We studied the role of sodium transport and calcium channels in protein kinase C mediated signal-transduction pathways in bovine airway smooth muscle. 4-beta phorbol 12,13 dibutyrate (PDB), an activator of protein kinase C, caused dose-related slowly developing contraction in bovine bronchial rings with a peak effect at 60-90 min. 4-alpha PDB, an inactive analogue, was without effect. Mean peak PDB-induced contraction (measured as a percentage of the maximum response to methacholine) was reduced from 122% to 20% when experiments were carried out in calcium-free fluids +EDTA (10(-3) M). Similar reductions were seen in the presence of nifedipine and verapamil, inhibitors of voltage-dependent calcium channels.

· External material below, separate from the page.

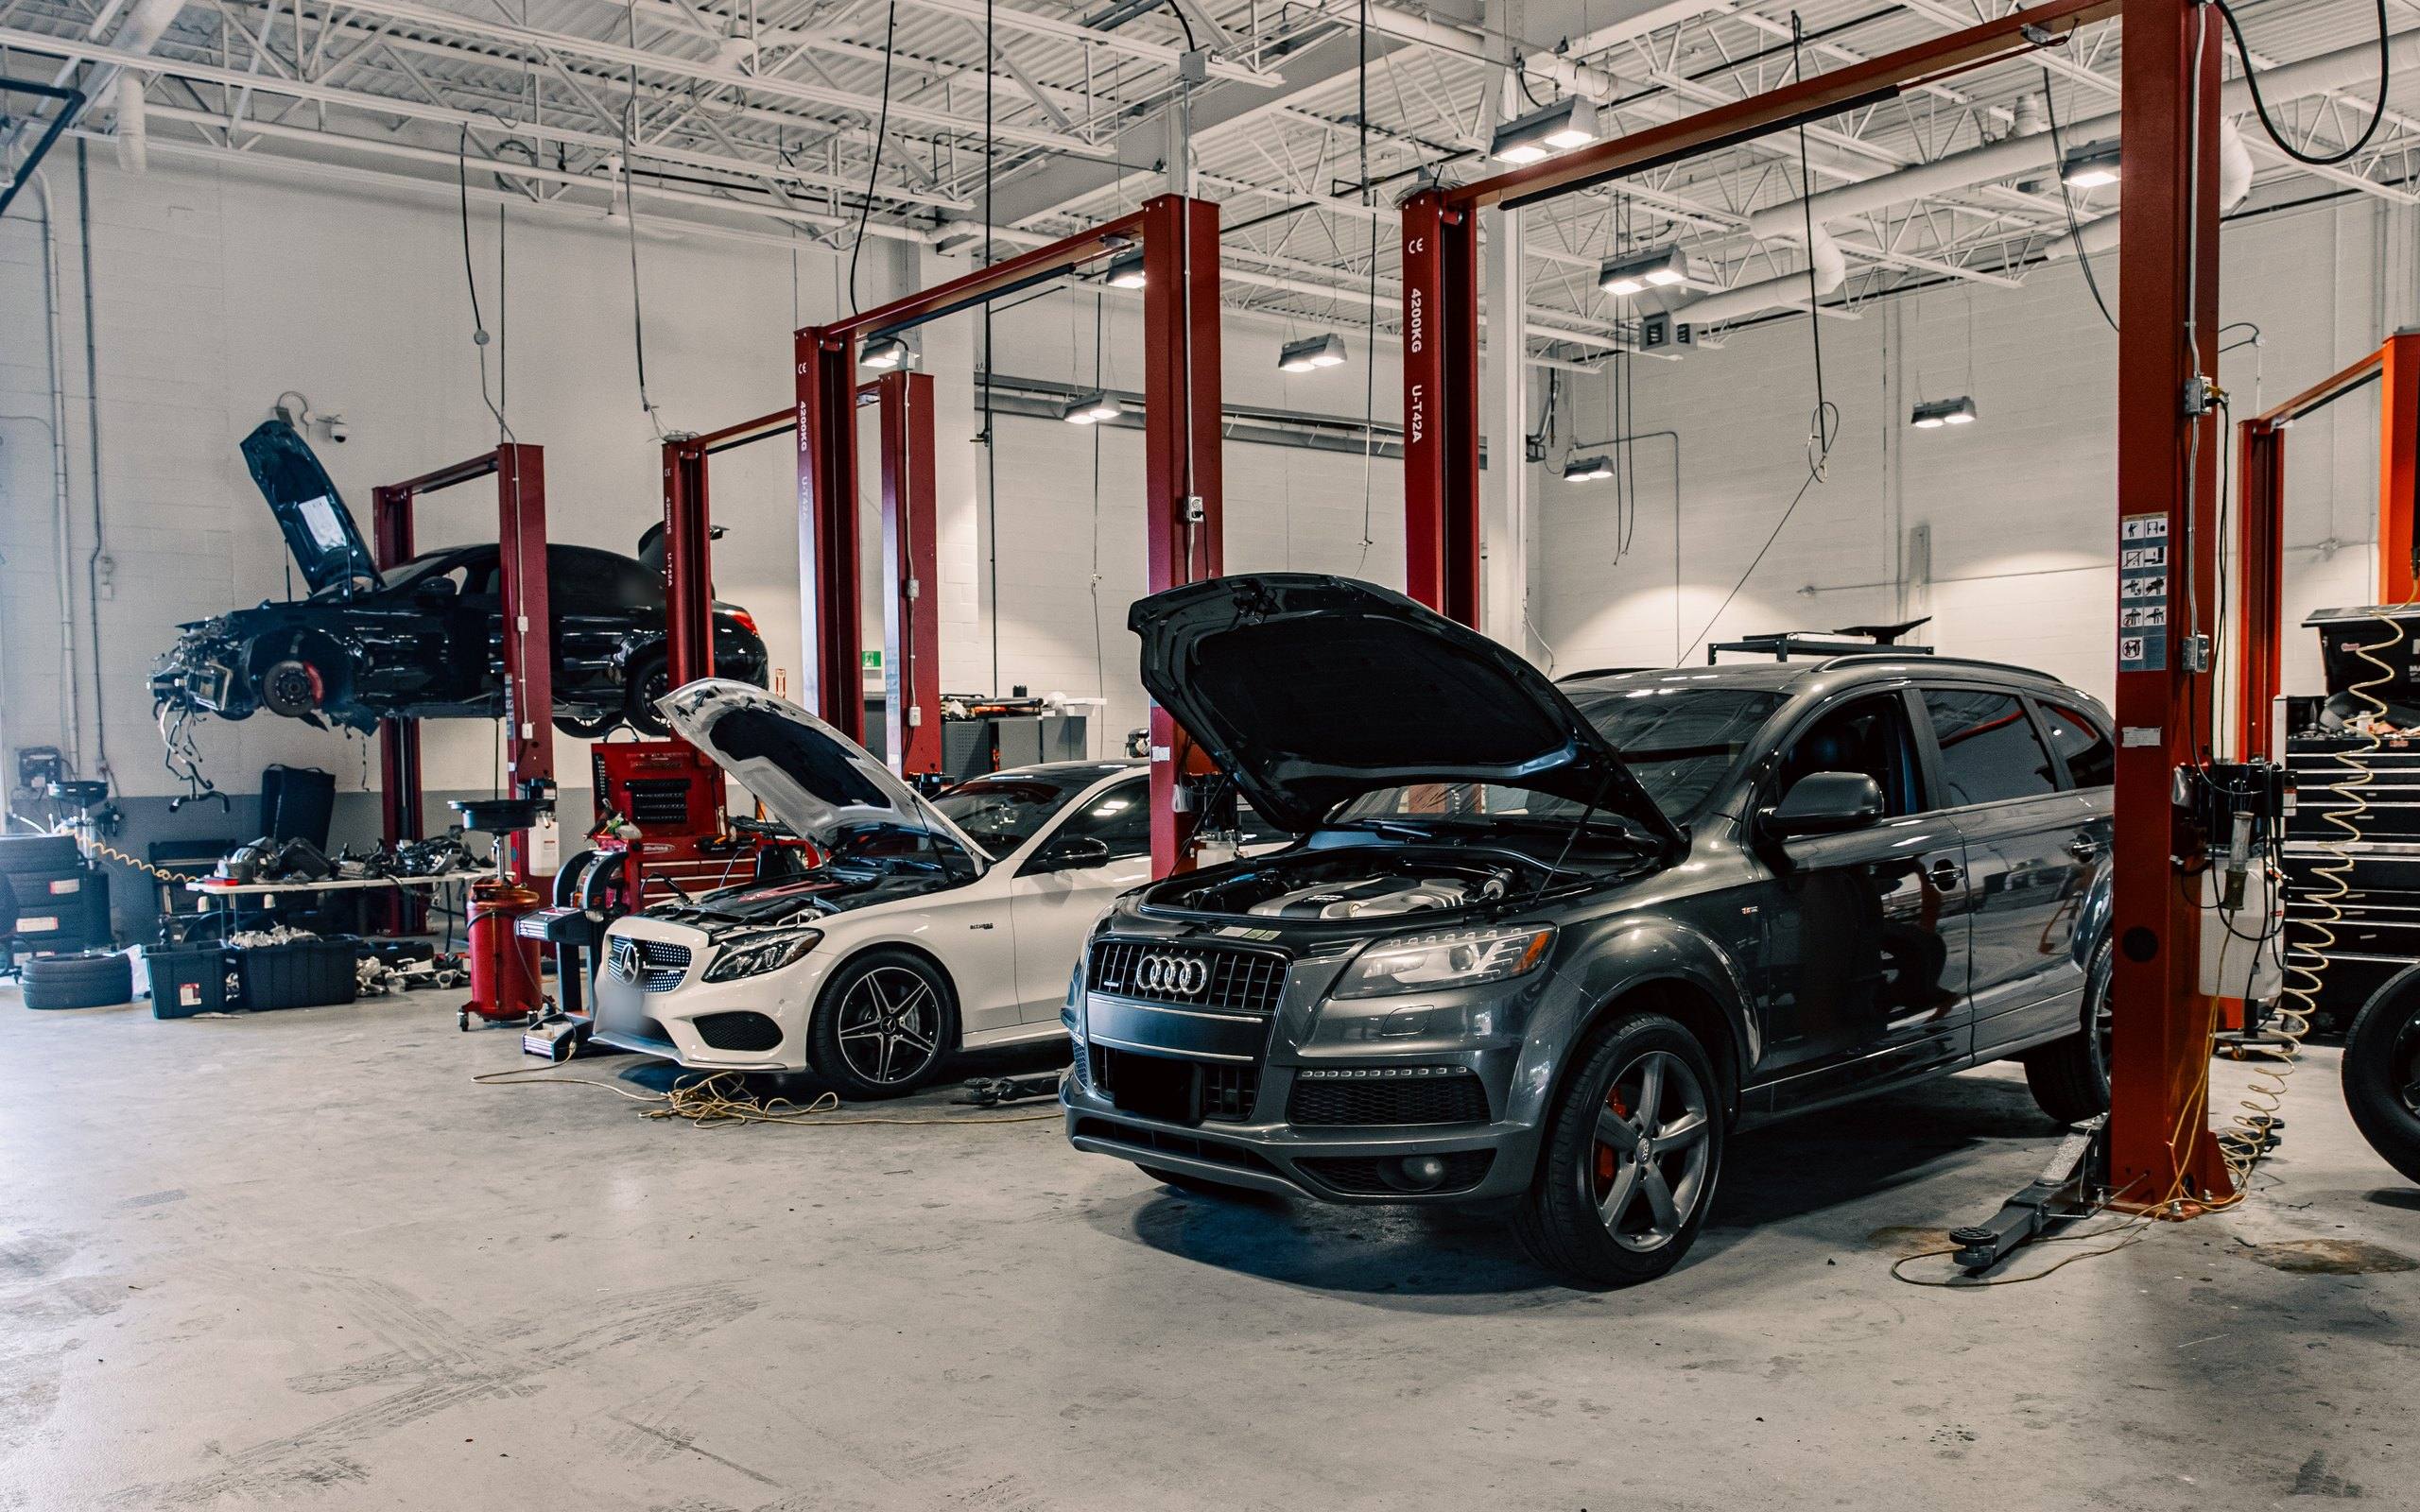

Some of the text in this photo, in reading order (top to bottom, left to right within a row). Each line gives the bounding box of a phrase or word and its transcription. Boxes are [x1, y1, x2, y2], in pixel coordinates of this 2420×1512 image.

[1409, 237, 1424, 254] CE
[798, 362, 807, 374] CE
[1410, 287, 1423, 444] 4200KG U-T42A

Amiloride at high concentrations (10(-3) M) reduced the contractile response to PDB from 87% to 20%, but at a concentration which inhibits the sodium entry channel (10(-6) M), amiloride was without effect. 5-N,N-hexamethylene amiloride (10(-5) M), a specific inhibitor of Na+/H+ exchange, did not alter the contraction produced by PDB. Frusemide (10(-5) M), an inhibitor of Na(+)-K(+)-Cl- cotransport, was without effect on PDB contractions. We conclude that phorbol ester-induced contraction of bovine airway smooth muscle is dependent on calcium entry via voltage-dependent calcium channels but is independent of Na+ entry, Na+/H+ exchange or Na(+)-K(+)-Cl- cotransport.